Climate change and drought: a threat for Mediterranean ecosystem
A six-year (1999–2005) experiment of drought manipulation was conducted in a Quercus ilex Mediterranean forest (Southern Catalonia) to simulate predicted climatic conditions projected for the decades to come. In previous studies, we observed that drought decreased the activity of some soil enzymes, including acid and alkaline phosphatases, in some seasons and at particular soil depths, whereas there were no effects in other seasons and soil depths. We also found that drought affected P in some soil fractions but not the overall P soil stocks.
These results highlighted that it was important to gain knowledge on the relation between the changes in the activity of phosphatases on the one side and the changes in soil P stocks and availability, soil organic matter and soil moisture, on the other side, since drought may have a direct effect on soil phosphatase activity by changing soil water availability or an indirect effect by changing soil organic matter, short-term available-P, soil C/P ratio or other soil traits. We thus conducted a new experiment with the aim to respond to the following questions: (i) what are the effects of the drought predicted for the next decades by climatic and ecophysiological models on the activity of soil phosphatases and on soil P content? (ii) How do the possible changes in soil phosphatase relate to the changes in litter, soil organic matter and total soil-P and extractable P fractions (immediately available-P and short-termavailable-P)? and (iii) What is the seasonality of those effects and those relationships?.

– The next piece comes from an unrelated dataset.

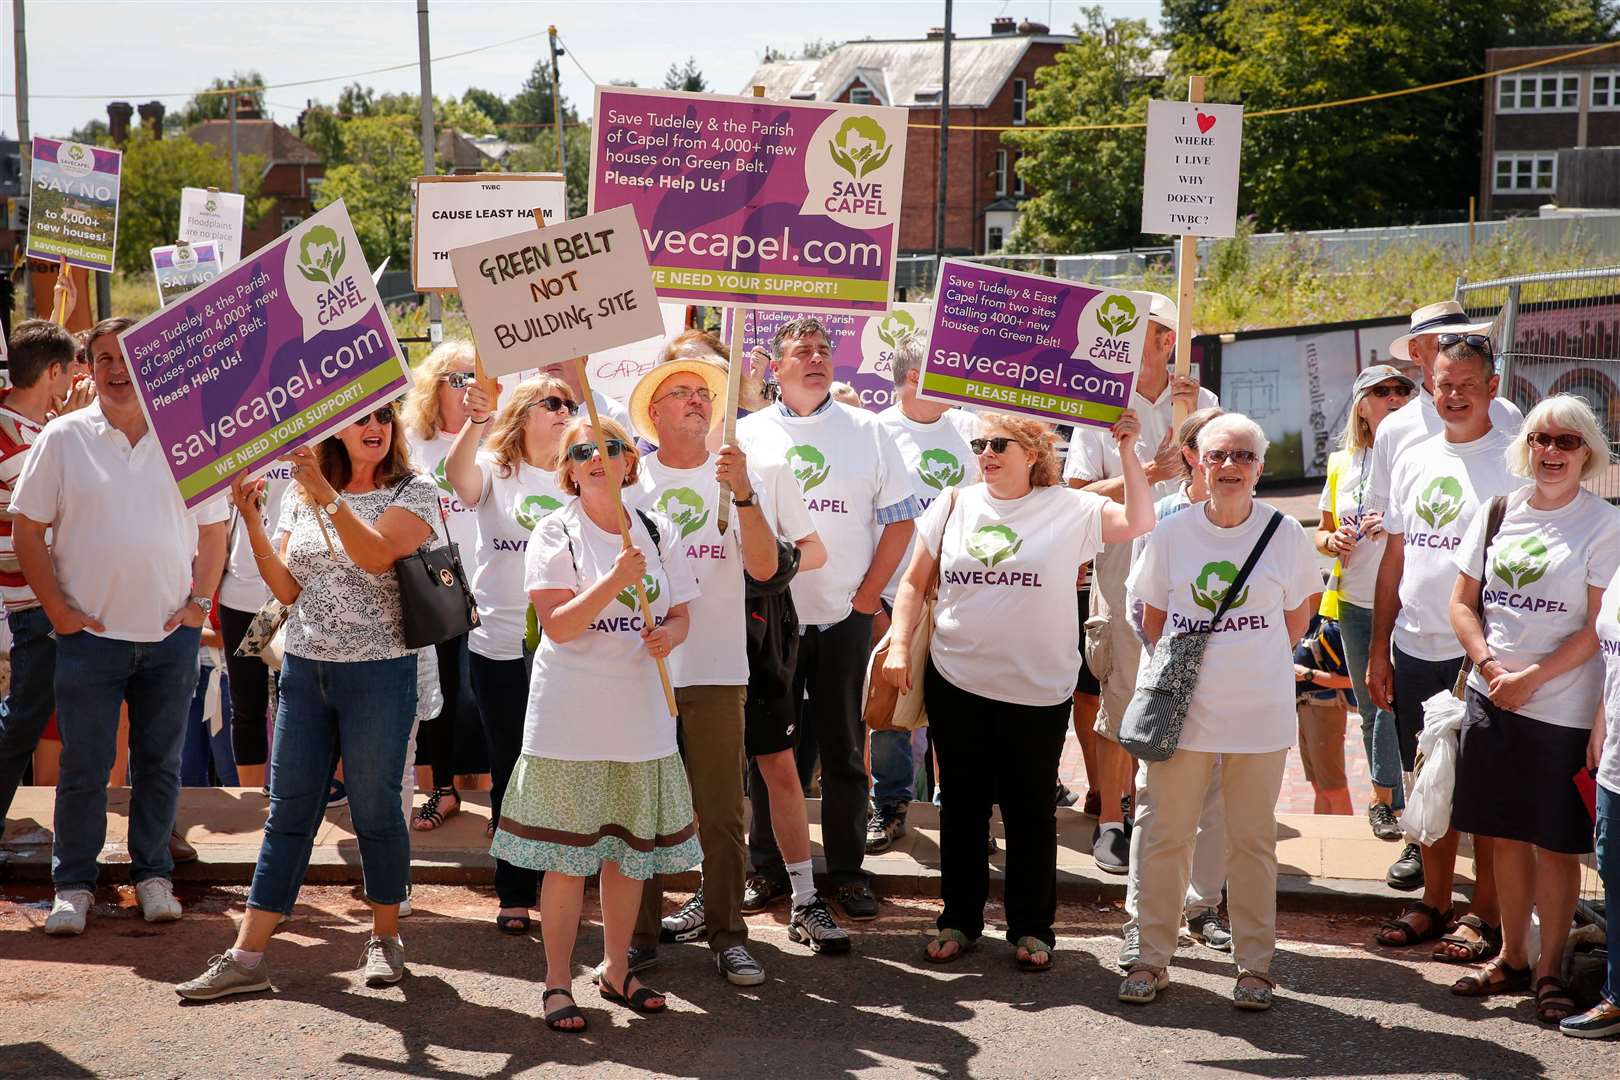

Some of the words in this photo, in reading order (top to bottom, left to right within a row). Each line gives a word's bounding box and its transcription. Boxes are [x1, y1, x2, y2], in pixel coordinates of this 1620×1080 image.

Drought reduced acid phosphatase activity in soil in all seasons, including summer and winter, the seasons with less biological activity due to water and cold stress. Reductions of soil water content between 13 and 29% reduced soil acid phosphatase activity between 22 and 27% depending on the season. Drought reduced alkaline phosphatase activity (by 28%) only in winter. Soil acid and alkaline phosphatase activities were positively correlated with soil water content in all seasons. In contrast short-term available-P which increased under drought in several seasons was weakly correlated with soil phosphatase activities. As a result, immediately/short-term available-P concentration ratios decreased in all the seasons (between 10 and 71%). Drought increased foliar P concentration and reduced the C/P concentration ratio in litter fall and also decreased the ratio between organic C and short-term available-P in soil.
These effects of drought have several consequences and implications: (i) soil phosphatase activity is more dependent on the direct changes in soil water content than on the indirect changes in its substrate, short-term available-P, as indirect consequence of drought, (ii) the effects of drought decreasing soil phosphatase activity may be significant in any season if there is a decrease in soil water content, (iii) there is an accumulation of short-term available-P in soil that increases potential P losses by leaching and erosion during the torrential rainfalls typical of the Mediterranean climate, (iv) there is a reduction in the P available to plant capture, and (v) there is a change in soil C:P stoichiometry with the corresponding implications for soil trophic chains.
Sardans J., Peñuelas J., Ogaya R. 2008. Experimental drought reduced acid and alkaline phosphatase activity and increased organic extractable P in soil in a Quercus ilex Mediterranean forest. European Journal of Soil Biology 44: 509-520.